09 July 2008

The ultimate re-install

A couple of weeks ago Firefox started misbehaving, claiming that it couldn't find various files and refusing to start, closely followed by Internet Explorer coming out in sympathy and eventually even the portable applications gave up the ghost. Usually, when something goes wrong I find myself in good company and someone somewhere out there has experienced the same symptoms and published some nice instructions to get it sorted. Not this time. Whilst there were some posts here and there on similar lines, no-one was offering any helpful suggestions. So there was nothing for it but, for the first time in all my years of computing, wiping the thing clean and starting again. (I did have to do my daughter's laptop a couple of times when a trojan simply refused to budge but she had little on it she wished to keep but mine was a different story.)

This used to be a complete pain because you'd have so much data by way of documents, photos and music files etc. that it was really difficult and very time consuming to back up everything before it all got wiped. Now we have SD cards and USB drives and wonderful gadgets for transferring files in an FTP-like manner from one computer to another and several gigabytes were simply moved somewhere safe for a while.

It still took an age, a couple of hours just for Windows, and all the extra programs I had have to be re-loaded or downloaded which is a long evening's work but well worthwhile as things do zip along afterwards.

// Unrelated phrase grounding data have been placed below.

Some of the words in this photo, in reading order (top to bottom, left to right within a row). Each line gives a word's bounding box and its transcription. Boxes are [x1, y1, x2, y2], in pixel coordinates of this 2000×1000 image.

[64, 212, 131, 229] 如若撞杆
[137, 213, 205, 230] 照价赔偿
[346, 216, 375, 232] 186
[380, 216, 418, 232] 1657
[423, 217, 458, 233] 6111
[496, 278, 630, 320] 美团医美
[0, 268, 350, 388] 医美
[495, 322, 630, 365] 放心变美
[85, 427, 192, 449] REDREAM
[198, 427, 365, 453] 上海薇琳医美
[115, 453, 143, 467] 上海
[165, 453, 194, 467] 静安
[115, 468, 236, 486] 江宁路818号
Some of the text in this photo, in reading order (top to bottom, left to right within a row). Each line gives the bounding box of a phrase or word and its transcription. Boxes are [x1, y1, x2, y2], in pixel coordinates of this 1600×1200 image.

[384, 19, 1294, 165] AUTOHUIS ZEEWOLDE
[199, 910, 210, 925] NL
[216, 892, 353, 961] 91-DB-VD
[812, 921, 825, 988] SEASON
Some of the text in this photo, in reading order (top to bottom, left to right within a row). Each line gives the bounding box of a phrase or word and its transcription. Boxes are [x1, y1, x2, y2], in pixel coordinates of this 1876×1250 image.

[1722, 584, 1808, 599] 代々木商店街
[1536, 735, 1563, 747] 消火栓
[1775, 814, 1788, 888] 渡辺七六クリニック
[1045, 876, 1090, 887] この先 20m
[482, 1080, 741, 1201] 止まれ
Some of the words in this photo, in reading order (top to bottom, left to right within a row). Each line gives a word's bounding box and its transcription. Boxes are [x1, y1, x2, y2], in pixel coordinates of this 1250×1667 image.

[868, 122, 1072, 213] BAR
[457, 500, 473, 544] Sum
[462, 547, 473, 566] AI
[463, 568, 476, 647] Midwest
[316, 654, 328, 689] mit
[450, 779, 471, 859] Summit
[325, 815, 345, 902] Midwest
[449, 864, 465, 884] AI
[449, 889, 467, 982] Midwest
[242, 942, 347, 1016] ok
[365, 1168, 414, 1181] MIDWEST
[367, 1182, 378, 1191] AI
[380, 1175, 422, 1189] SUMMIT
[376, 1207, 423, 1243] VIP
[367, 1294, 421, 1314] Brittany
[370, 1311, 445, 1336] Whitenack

It's so good not to have to worry about e-mail in the process as, of course, Gmail is all on-line and stuff now stored in Google documents and similar places is unaffected. I guess it won't be long before the whole pile of applications themselves are running on-line and all we need is a computer that accesses them with nothing being stored locally at all. More drops in the price of 'normal' computers too and we may well find ourselves just buying a new one when they stop working! I mean the screen seldom gives up, nor do the keyboard or other peripherals and components so it could be that we'll see a sort of plug-in thing that does all the processing work which will enable manufacturers to make smart, trendy designs that last for the bits that don't go wrong. Some programme or Windows not working? Unplug that bit and chuck it away. The ultimate re-install?!

You read it here first, possibly.

That reminds me of an argument I had in a College staff room in 199something. "Google?" they said. "That'll never catch on. Yahoo! Ask Jeeves and MSN Search (or whatever it was then) do all we need already."